J’ai vécu mon temps dans le Conseil Scientifique d’IDEA comme un privilège stimulant qui m’a permis de participer aux réflexions sur une série de défis auxquels le Luxembourg doit faire face et prendre en compte dans sa stratégie financière, économique et politique. Je considère qu’IDEA s’est développée pendant les 10 ans de son existence comme un think tank créatif et proactif, ce qui m’encourage à profiter de ces quelques lignes pour suggérer quelques voies qui, peut-être, pourraient contribuer à augmenter encore la pertinence d’IDEA pour notre pays. Un think tank au Luxembourg a plus de chances d’influencer les décideurs que dans un grand pays ; il y a moins de fabriques d’idées, les chemins sont plus courts, les gens se connaissent, la communication est amicale, donc essayons de faire davantage !
Les grands défis sont tous très complexes et multifacettes, et une analyse réductionniste, souvent disciplinaire, ne suffit pas pour bien les comprendre. Il faut l’interdisciplinarité, tenir compte de la société dans sa diversité, tenir compte des individus avec leur psychologie et leur volonté, tant celle qu’ils expriment comme celle qu’ils cachent. Cela impliquerait de faire participer davantage d’experts externes avec les connaissances complémentaires à celles des membres d’IDEA. Se limiter à la perspective économico-financière-politique est, pour les grands défis, presque toujours insuffisant.

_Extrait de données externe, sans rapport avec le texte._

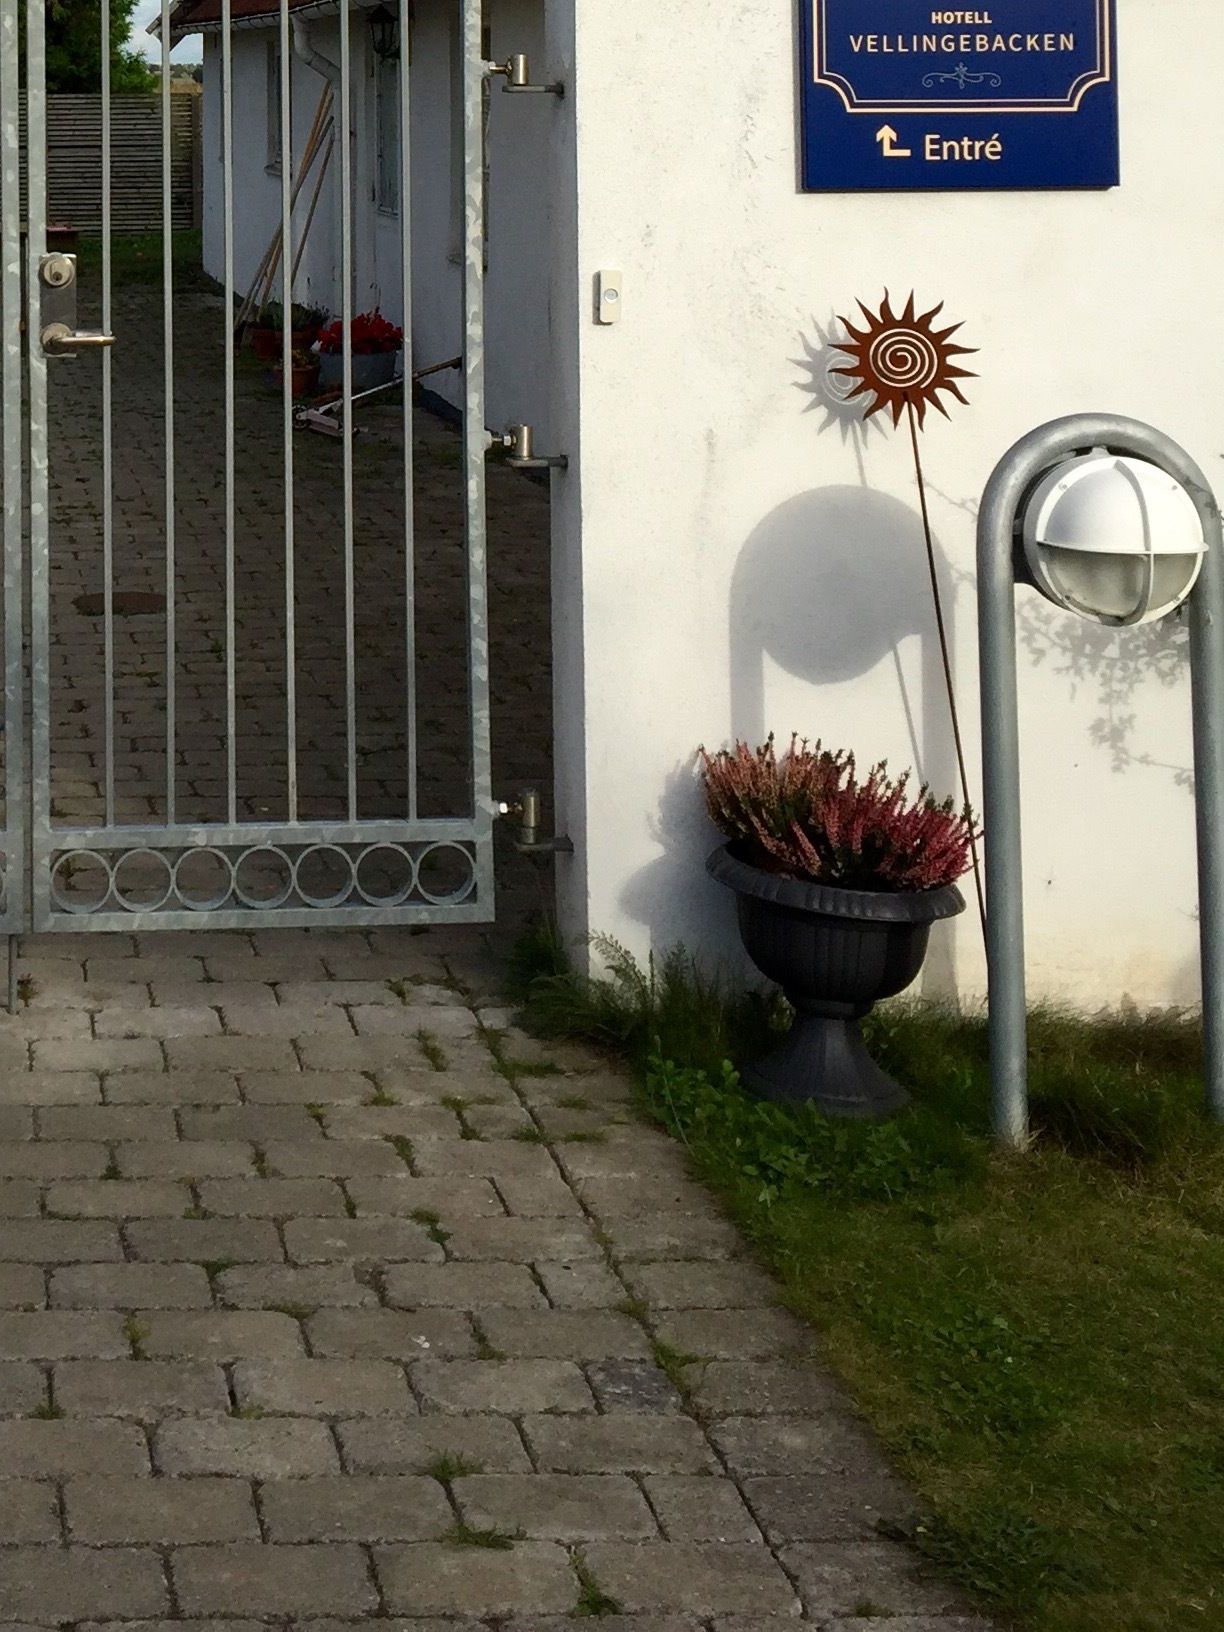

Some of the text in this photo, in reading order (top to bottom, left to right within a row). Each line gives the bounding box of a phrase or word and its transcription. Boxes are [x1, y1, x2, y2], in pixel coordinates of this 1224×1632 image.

[931, 11, 993, 25] HOTELL
[849, 33, 1074, 53] VELLINGEBACKEN
[924, 133, 1003, 161] Entré

Je voudrais suggérer aussi d’aller plus loin dans l’étude des problèmes, d’aller plus au fond, à l’origine, à la cause, aux causes, à la genèse de ce qui nous inquiète, pour pouvoir proposer des solutions capables de convaincre davantage les décideurs. Sans cela le travail du think tank semble trop un travail académique, ou théorique, sur un sujet important. Nous devrions donc privilégier la profondeur sur la largeur. L’exemple de la productivité par travailleur ou par heure travaillée, qui dégringole, que d’aucuns considèrent le premier problème à résoudre, est parfait : quels sont vraiment les raisons ? Comment est-on arrivé là ? Quelles sont les propositions adéquates et réalistes pour redresser la productivité ? Comment peut-on le faire dans le contexte européen et grand-régional du Luxembourg ?
Je considère qu’IDEA, dans cette deuxième décennie de ses activités, pourrait aussi s’éloigner un peu plus des sujets traditionnels de l’économie, les finances et la politique, et analyser des activités importantes, qui jouent un rôle essentiel pour la société, comme l’éducation/formation, la médecine/santé et l’informatique/IA. Bien sûr ce serait plus facile de faire une autre étude sur le Luxembourg en 2040 ou 2060 que de proposer des solutions aux problèmes du Luxembourg en 2025, mais IDEA a la capacité et la volonté pour jouer dans une ligue supérieure.
Il y a un sujet qui combine son immense importance, le besoin d’agir déjà, sa transversalité et son rôle pour tous les aspects du futur du pays : l’éducation des jeunes entre 4 et 16 ans, les années qui décident presque tout dans leur vie. Je ne connais que deux grandes difficultés objectives : la très grande diversité culturelle, spirituelle et linguistique des élèves, et la difficulté qu’ils éprouvent de suivre des raisonnements d’une certaine complexité durant le temps nécessaire pour arriver à leur compréhension. Il y en a beaucoup d’autres, bien sûr, trop pour les mentionner ici, qui inclurait la qualité du retour de l’investissement, ce dernier très important au Luxembourg. Mais n’oublions pas le « if you think education is expensive, try ignorance » attribué à Derek Bok, président de Harvard, mais dû à Abraham Lincoln, un autre président. IDEA pourrait contribuer plus objectivement que les autres, parce qu’elle n’est pas un stakeholder, mais elle aurait besoin d’assez d’expertise externe, faisant attention à aléatoiriser leurs biais. Ce serait un grand service au pays.
Bien sûr, IDEA, étant ce qu’elle est, avec une taille et moyens modestes, devra choisir soigneusement entre tellement de défis à relever, mais n’oublions pas que bien choisir dans un éventail généreux est un privilège et un plaisir.
Avec mes plus sincères et admiratives félicitations pour les 10 ans et avec mes souhaits de rehausser encore les ambitions « idéalistes ».